Hal ini terjadi pada saat para pejabat universitas Amerika bersiap menghadapi kemungkinan gangguan pada upacara wisuda akibat protes terhadap perang di Gaza, yang telah mendorong beberapa orang untuk membatalkan upacara tersebut atau mengeluarkan langkah-langkah keamanan yang ketat.
Postingan media sosial pada hari Sabtu menunjukkan mahasiswa VCU meninggalkan aula dengan mengenakan gaun wisuda dan topi ketika gubernur negara bagian itu yang berasal dari Partai Republik, Glenn Youngkin, memulai pidato kelulusannya. Beberapa mahasiswa mengkritik pilihan gubernur sebagai pembicara tahun ini karena penolakannya terhadap persyaratan literasi rasial yang diajarkan oleh VCU, serta mengatakan bahwa perkemahan tidak boleh diizinkan di kampus.
Video yang diposting online menunjukkan beberapa mahasiswa pengunjuk rasa VCU meneriakkan, “Singkapkan, jelas – kami tidak akan berhenti, kami tidak akan beristirahat,” mengacu pada tuntutan para pengunjuk rasa agar lembaga mereka memutuskan hubungan keuangan mereka dengan Israel.
Cyrine Haddad, mahasiswa tahun kedua di Virginia Commonwealth University yang membantu mengatur protes, mengatakan kepada BBC pada Sabtu malam bahwa orang-orang bertepuk tangan begitu keras sehingga penonton tidak dapat mendengar Youngkin berbicara.
Haddad mengatakan, sekitar 150 orang berunjuk rasa di luar upacara, termasuk mahasiswa yang keluar. Polisi menangkap 13 orang, termasuk enam mahasiswa, di Virginia Commonwealth University ketika polisi membersihkan kamp di sana pada tanggal 29 April. Puluhan mahasiswa meninggalkan upacara wisuda mereka di Virginia Commonwealth University pada hari Sabtu, sebagai protes terhadap sikap gubernur negara bagian, yang menjadi salah satu pembicara pada upacara tersebut, terkait demonstrasi yang disaksikan kampus baru-baru ini.
Hal ini terjadi pada saat para pejabat universitas Amerika bersiap menghadapi kemungkinan gangguan pada upacara wisuda akibat protes terhadap perang di Gaza, yang telah mendorong beberapa orang untuk membatalkan upacara tersebut atau mengeluarkan langkah-langkah keamanan yang ketat.

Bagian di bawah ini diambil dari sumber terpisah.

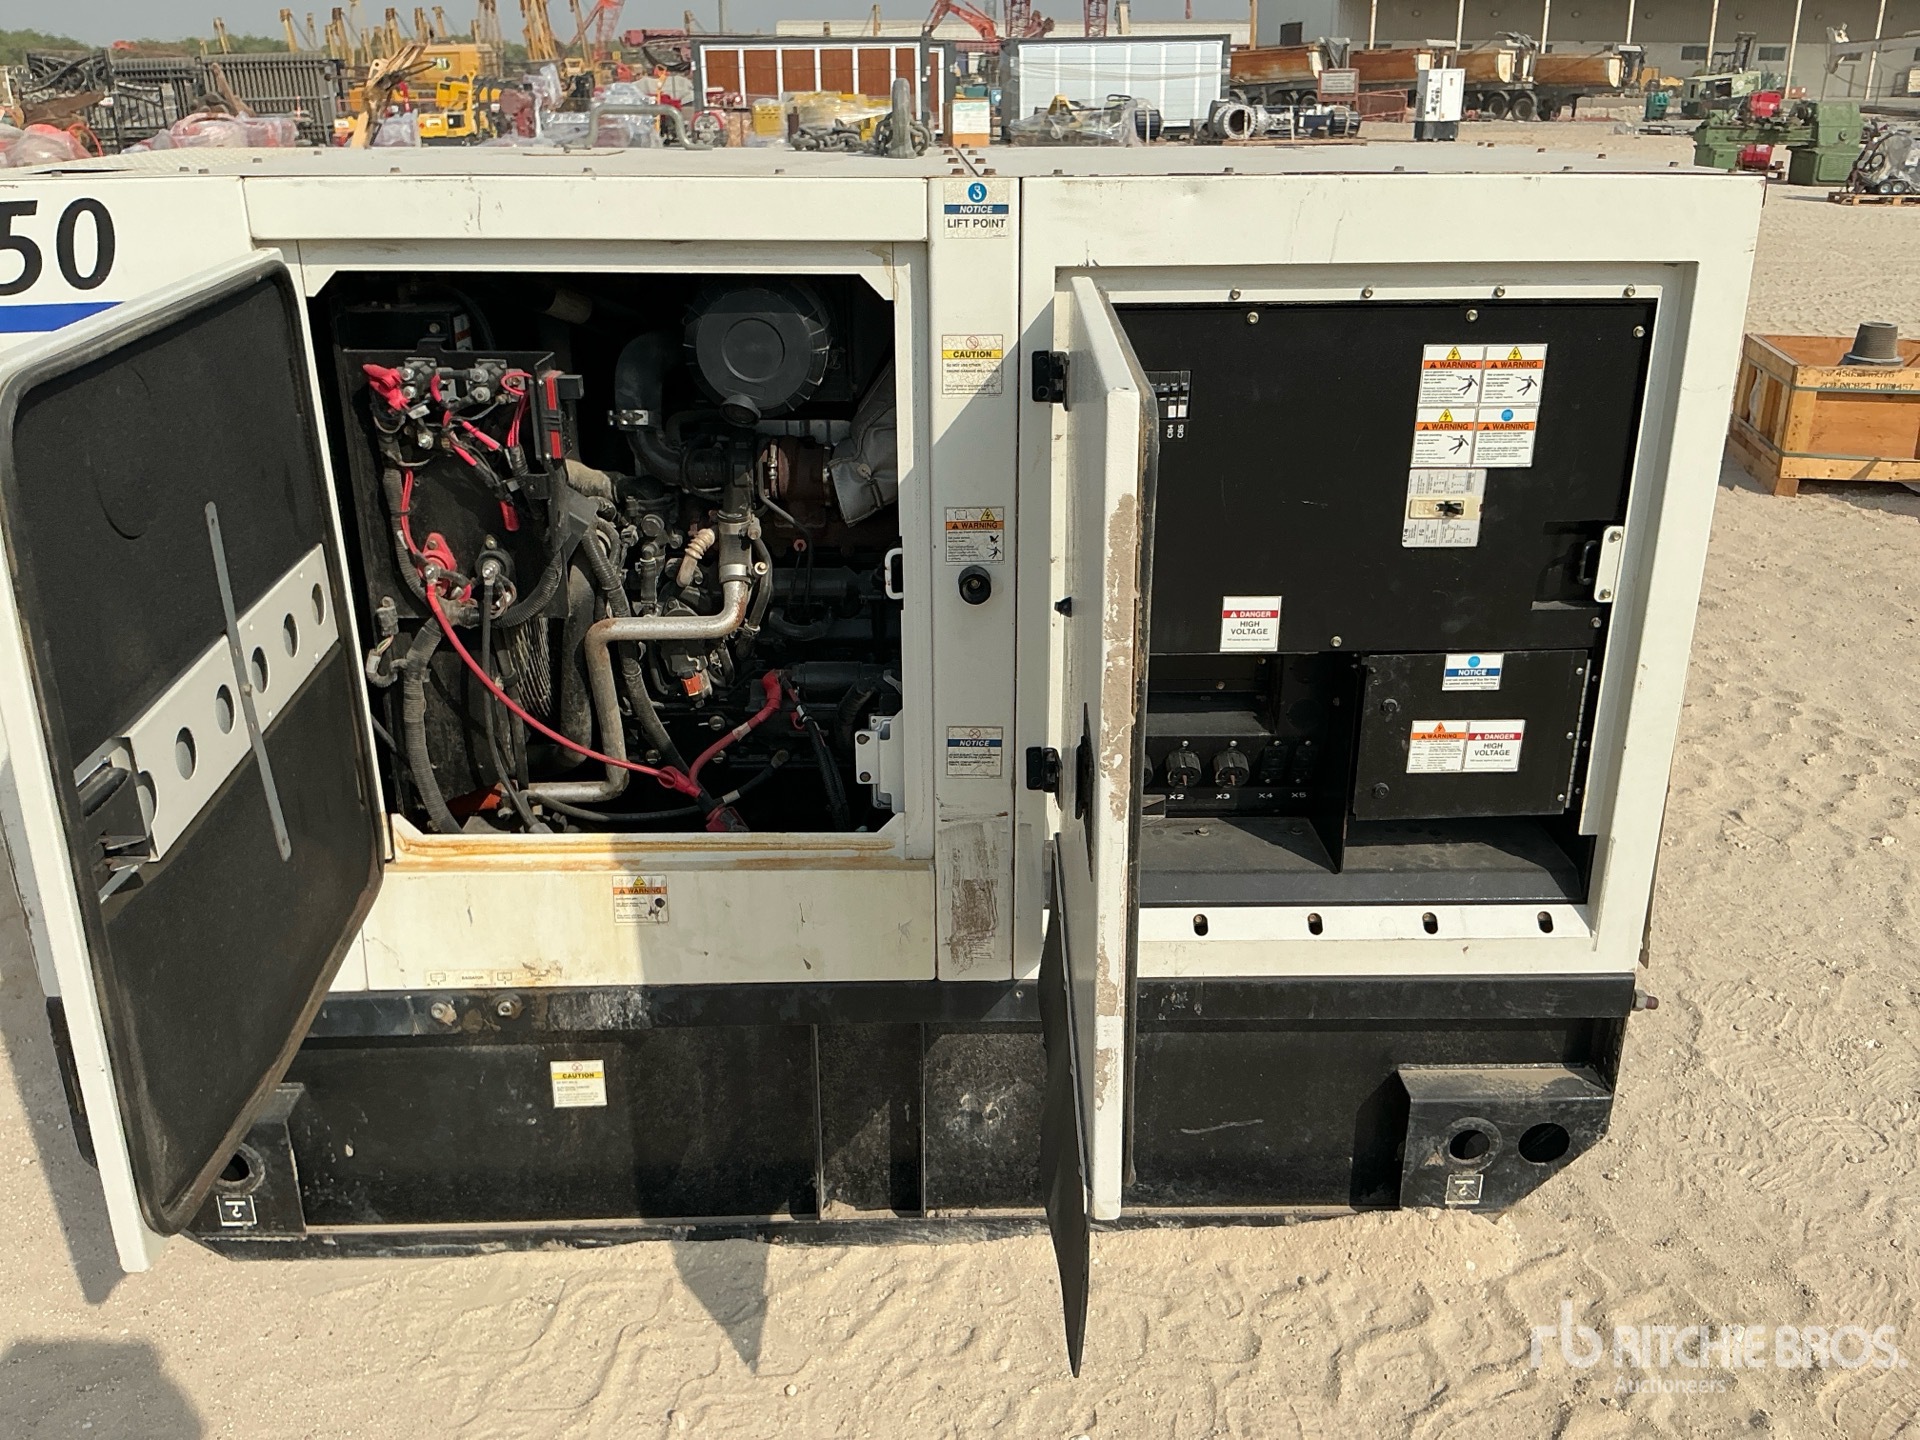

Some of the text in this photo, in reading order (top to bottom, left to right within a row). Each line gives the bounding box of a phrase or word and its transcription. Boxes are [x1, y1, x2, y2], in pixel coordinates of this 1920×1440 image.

[947, 219, 1006, 228] LIFT POINT
[1439, 361, 1477, 369] WARNING
[1500, 361, 1538, 369] WARNING
[1431, 423, 1469, 431] WARNING
[1492, 423, 1530, 431] WARNING

Postingan media sosial pada hari Sabtu menunjukkan mahasiswa VCU meninggalkan aula dengan mengenakan gaun wisuda dan topi ketika gubernur negara bagian itu yang berasal dari Partai Republik, Glenn Youngkin, memulai pidato kelulusannya.
Beberapa mahasiswa mengkritik pilihan gubernur sebagai pembicara tahun ini karena penolakannya terhadap persyaratan literasi rasial yang diajarkan oleh VCU, serta mengatakan bahwa perkemahan tidak boleh diizinkan di kampus.

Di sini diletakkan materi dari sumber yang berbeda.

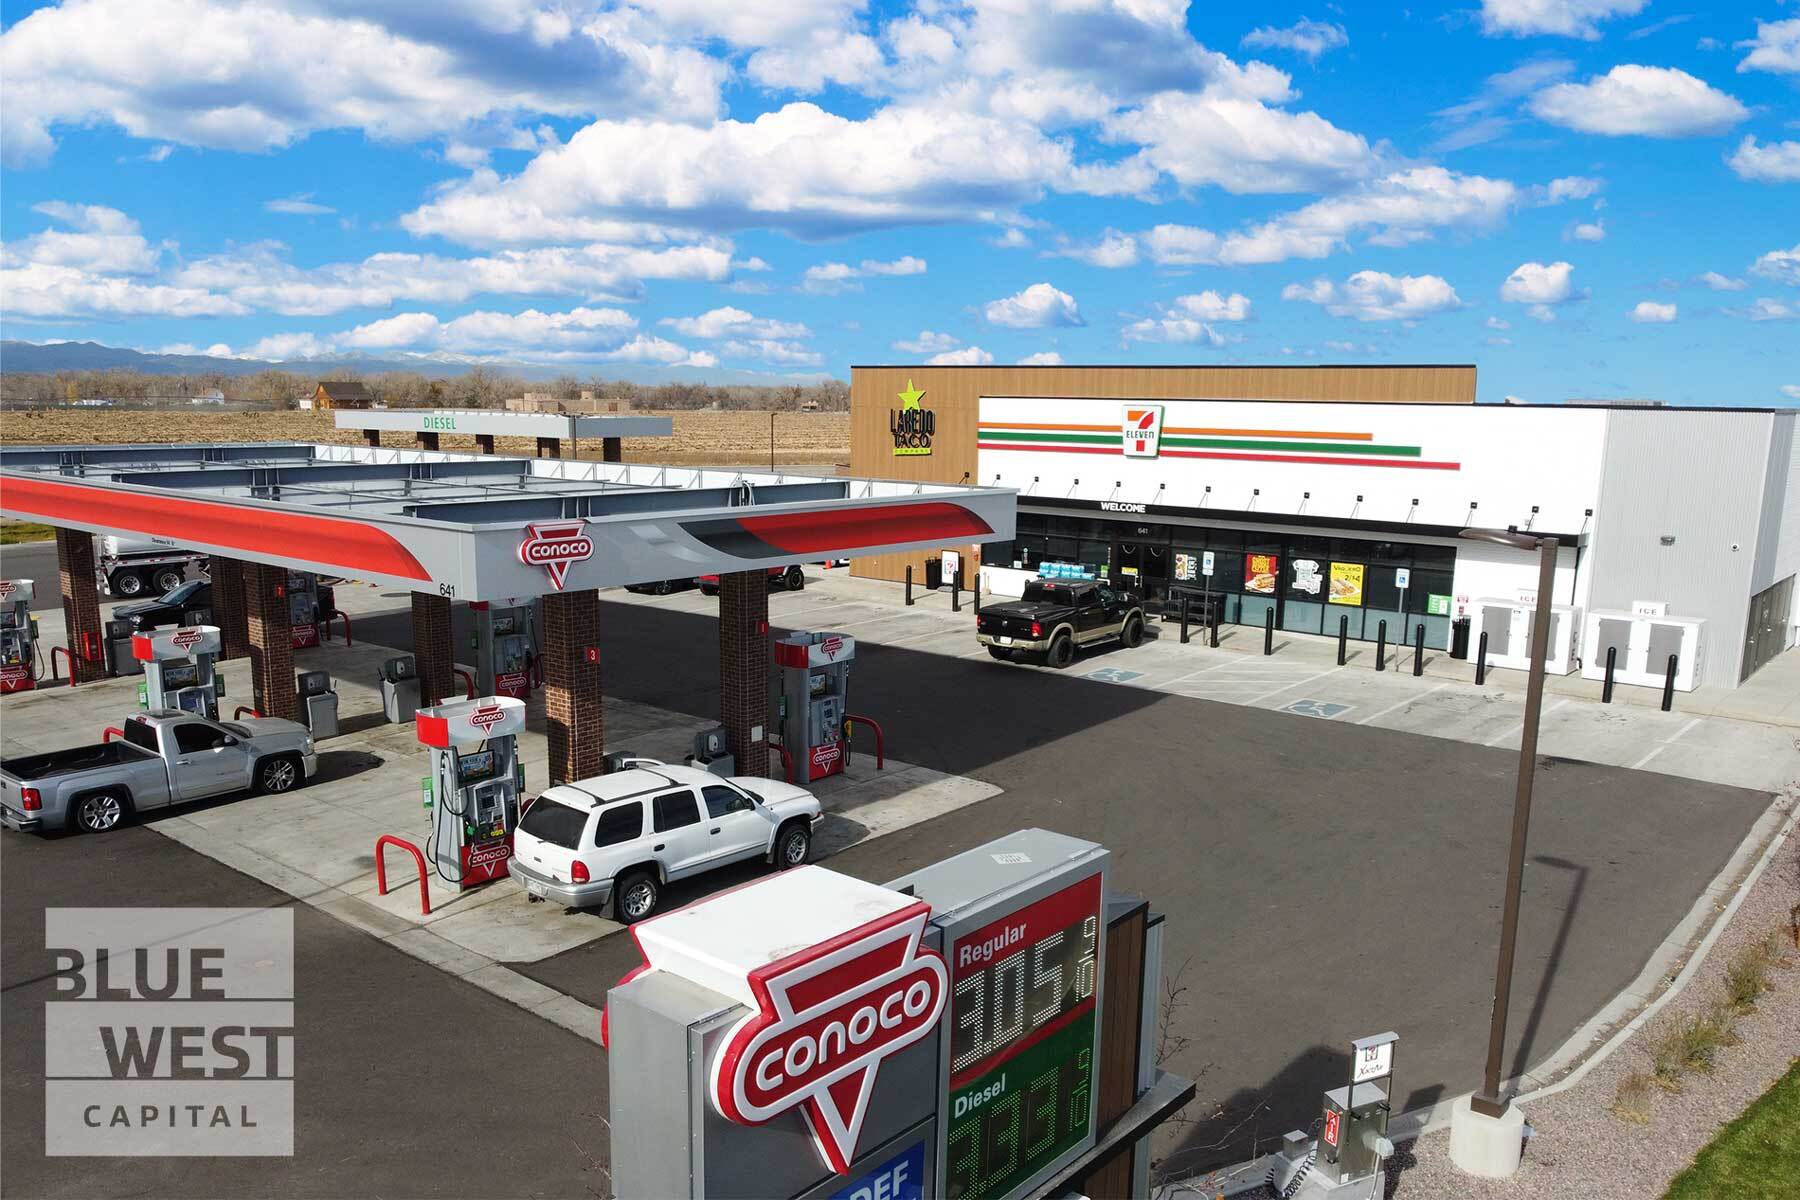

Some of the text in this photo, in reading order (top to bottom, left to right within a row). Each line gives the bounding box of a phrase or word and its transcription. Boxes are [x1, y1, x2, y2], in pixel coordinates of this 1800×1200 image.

[424, 416, 457, 430] DIESEL
[890, 408, 935, 436] LAREDO
[1127, 410, 1155, 452] 7
[893, 432, 931, 448] TACO
[1101, 501, 1146, 514] WELCOME
[439, 583, 455, 598] 641
[590, 650, 596, 661] 3
[959, 923, 1027, 968] Regular
[955, 1073, 1006, 1119] Diesel
[1326, 1114, 1337, 1141] AIR

Pidato gubernur tetap berjalan sesuai rencana meskipun ada keberangkatan. Dia kemudian memposting pesan di media sosial yang memberi selamat kepada para lulusan dan tidak mengomentari protes tersebut.
Pada upacara wisuda lainnya pada hari Sabtu, Dekan UC Berkeley Carol Christ membuka upacara tersebut dengan berbicara tentang demonstrasi yang dilakukan pengunjuk rasa selama berminggu-minggu.“Saya sedih melihat konflik ini telah memecah belah mahasiswa, dosen, dan staf,” katanya, menurut Los Angeles Times. Ucapan tersebut memicu tepuk tangan dan teriakan seperti: “Halo, halo, ho ho, pendudukan harus dihentikan.”
Sekitar 20 mahasiswa berdiri dan mulai mengibarkan tanda dan bendera Palestina serta meneriakkan “Bebaskan Palestina” dalam pidato lainnya dan kemudian diikuti oleh lebih banyak lulusan, menurut San Francisco Chronicle. Dalam sebuah pernyataan, Universitas California Berkeley mengatakan bahwa acara tersebut terus berlanjut meskipun “sayangnya terganggu,” dan para pengunjuk rasa yang meninggalkan acara tersebut melakukannya secara sukarela. Tidak ada yang ditangkap. Protes ini terjadi sehari setelah delapan mahasiswa mengenakan kaus bertuliskan “Divestasi UC” pada upacara wisuda fakultas hukum tersebut, sebuah slogan yang menyerukan universitas tersebut untuk melakukan divestasi dari perusahaan-perusahaan yang diduga terlibat dalam pelanggaran hak asasi manusia terhadap warga Palestina.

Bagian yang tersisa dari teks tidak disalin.